Starting from the first line below, repeat the data exactly through to the last.

Dataset records below:

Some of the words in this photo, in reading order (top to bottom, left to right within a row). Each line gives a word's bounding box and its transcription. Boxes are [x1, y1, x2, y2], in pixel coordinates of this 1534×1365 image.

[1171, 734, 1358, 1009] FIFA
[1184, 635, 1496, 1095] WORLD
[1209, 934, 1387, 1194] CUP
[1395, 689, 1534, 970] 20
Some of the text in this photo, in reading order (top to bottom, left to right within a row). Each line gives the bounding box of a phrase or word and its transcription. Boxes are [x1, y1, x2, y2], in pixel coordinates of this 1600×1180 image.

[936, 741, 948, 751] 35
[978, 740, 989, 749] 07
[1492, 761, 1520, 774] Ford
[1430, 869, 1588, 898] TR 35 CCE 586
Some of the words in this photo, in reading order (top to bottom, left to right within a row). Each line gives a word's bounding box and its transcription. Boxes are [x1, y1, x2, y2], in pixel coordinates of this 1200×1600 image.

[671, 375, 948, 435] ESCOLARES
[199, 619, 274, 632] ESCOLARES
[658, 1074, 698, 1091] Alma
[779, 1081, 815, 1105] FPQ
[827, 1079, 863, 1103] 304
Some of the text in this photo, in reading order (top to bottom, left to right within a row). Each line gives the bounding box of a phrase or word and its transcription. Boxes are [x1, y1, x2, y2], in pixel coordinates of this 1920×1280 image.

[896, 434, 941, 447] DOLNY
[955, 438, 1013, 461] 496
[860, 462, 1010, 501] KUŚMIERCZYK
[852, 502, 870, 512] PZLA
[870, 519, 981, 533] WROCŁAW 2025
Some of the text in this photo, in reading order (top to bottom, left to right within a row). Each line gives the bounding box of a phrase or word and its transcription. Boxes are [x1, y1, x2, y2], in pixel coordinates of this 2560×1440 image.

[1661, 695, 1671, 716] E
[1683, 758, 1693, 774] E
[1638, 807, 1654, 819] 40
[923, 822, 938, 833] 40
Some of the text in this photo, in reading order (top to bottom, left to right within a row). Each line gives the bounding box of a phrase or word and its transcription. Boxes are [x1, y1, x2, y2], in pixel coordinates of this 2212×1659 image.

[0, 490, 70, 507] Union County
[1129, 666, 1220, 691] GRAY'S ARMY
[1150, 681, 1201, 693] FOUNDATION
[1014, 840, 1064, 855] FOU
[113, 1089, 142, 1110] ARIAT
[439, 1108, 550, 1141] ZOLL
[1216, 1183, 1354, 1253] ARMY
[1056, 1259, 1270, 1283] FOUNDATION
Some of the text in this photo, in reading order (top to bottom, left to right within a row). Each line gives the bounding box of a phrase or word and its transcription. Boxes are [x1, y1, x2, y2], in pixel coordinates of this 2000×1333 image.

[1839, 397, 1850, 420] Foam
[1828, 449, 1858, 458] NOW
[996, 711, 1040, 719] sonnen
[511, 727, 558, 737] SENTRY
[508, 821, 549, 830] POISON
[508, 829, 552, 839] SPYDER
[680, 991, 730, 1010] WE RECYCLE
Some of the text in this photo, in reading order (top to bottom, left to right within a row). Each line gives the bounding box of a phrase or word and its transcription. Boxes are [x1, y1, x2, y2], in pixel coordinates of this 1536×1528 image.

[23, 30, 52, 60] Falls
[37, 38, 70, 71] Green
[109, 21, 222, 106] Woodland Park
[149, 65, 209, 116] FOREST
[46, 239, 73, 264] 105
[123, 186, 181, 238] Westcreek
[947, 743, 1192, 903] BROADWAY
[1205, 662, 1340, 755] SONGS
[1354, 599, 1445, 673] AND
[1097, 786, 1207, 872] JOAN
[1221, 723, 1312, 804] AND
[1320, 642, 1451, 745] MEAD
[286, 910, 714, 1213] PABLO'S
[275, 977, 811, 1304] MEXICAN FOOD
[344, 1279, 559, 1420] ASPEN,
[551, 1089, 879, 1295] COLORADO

End of Dataset records.

> Solution to this problem
Some of the words in this photo, in reading order (top to bottom, left to right within a row). Each line gives a word's bounding box and its transcription. Boxes are [x1, y1, x2, y2], in pixel coordinates of this 1534×1365 image.

[1171, 734, 1358, 1009] FIFA
[1184, 635, 1496, 1095] WORLD
[1209, 934, 1387, 1194] CUP
[1395, 689, 1534, 970] 20
Some of the text in this photo, in reading order (top to bottom, left to right within a row). Each line gives the bounding box of a phrase or word and its transcription. Boxes are [x1, y1, x2, y2], in pixel coordinates of this 1600×1180 image.

[936, 741, 948, 751] 35
[978, 740, 989, 749] 07
[1492, 761, 1520, 774] Ford
[1430, 869, 1588, 898] TR 35 CCE 586
Some of the words in this photo, in reading order (top to bottom, left to right within a row). Each line gives a word's bounding box and its transcription. Boxes are [x1, y1, x2, y2], in pixel coordinates of this 1200×1600 image.

[671, 375, 948, 435] ESCOLARES
[199, 619, 274, 632] ESCOLARES
[658, 1074, 698, 1091] Alma
[779, 1081, 815, 1105] FPQ
[827, 1079, 863, 1103] 304
Some of the text in this photo, in reading order (top to bottom, left to right within a row). Each line gives the bounding box of a phrase or word and its transcription. Boxes are [x1, y1, x2, y2], in pixel coordinates of this 1920×1280 image.

[896, 434, 941, 447] DOLNY
[955, 438, 1013, 461] 496
[860, 462, 1010, 501] KUŚMIERCZYK
[852, 502, 870, 512] PZLA
[870, 519, 981, 533] WROCŁAW 2025
Some of the text in this photo, in reading order (top to bottom, left to right within a row). Each line gives the bounding box of a phrase or word and its transcription. Boxes are [x1, y1, x2, y2], in pixel coordinates of this 2560×1440 image.

[1661, 695, 1671, 716] E
[1683, 758, 1693, 774] E
[1638, 807, 1654, 819] 40
[923, 822, 938, 833] 40
Some of the text in this photo, in reading order (top to bottom, left to right within a row). Each line gives the bounding box of a phrase or word and its transcription. Boxes are [x1, y1, x2, y2], in pixel coordinates of this 2212×1659 image.

[0, 490, 70, 507] Union County
[1129, 666, 1220, 691] GRAY'S ARMY
[1150, 681, 1201, 693] FOUNDATION
[1014, 840, 1064, 855] FOU
[113, 1089, 142, 1110] ARIAT
[439, 1108, 550, 1141] ZOLL
[1216, 1183, 1354, 1253] ARMY
[1056, 1259, 1270, 1283] FOUNDATION
Some of the text in this photo, in reading order (top to bottom, left to right within a row). Each line gives the bounding box of a phrase or word and its transcription. Boxes are [x1, y1, x2, y2], in pixel coordinates of this 2000×1333 image.

[1839, 397, 1850, 420] Foam
[1828, 449, 1858, 458] NOW
[996, 711, 1040, 719] sonnen
[511, 727, 558, 737] SENTRY
[508, 821, 549, 830] POISON
[508, 829, 552, 839] SPYDER
[680, 991, 730, 1010] WE RECYCLE
Some of the text in this photo, in reading order (top to bottom, left to right within a row). Each line gives the bounding box of a phrase or word and its transcription. Boxes are [x1, y1, x2, y2], in pixel coordinates of this 1536×1528 image.

[23, 30, 52, 60] Falls
[37, 38, 70, 71] Green
[109, 21, 222, 106] Woodland Park
[149, 65, 209, 116] FOREST
[46, 239, 73, 264] 105
[123, 186, 181, 238] Westcreek
[947, 743, 1192, 903] BROADWAY
[1205, 662, 1340, 755] SONGS
[1354, 599, 1445, 673] AND
[1097, 786, 1207, 872] JOAN
[1221, 723, 1312, 804] AND
[1320, 642, 1451, 745] MEAD
[286, 910, 714, 1213] PABLO'S
[275, 977, 811, 1304] MEXICAN FOOD
[344, 1279, 559, 1420] ASPEN,
[551, 1089, 879, 1295] COLORADO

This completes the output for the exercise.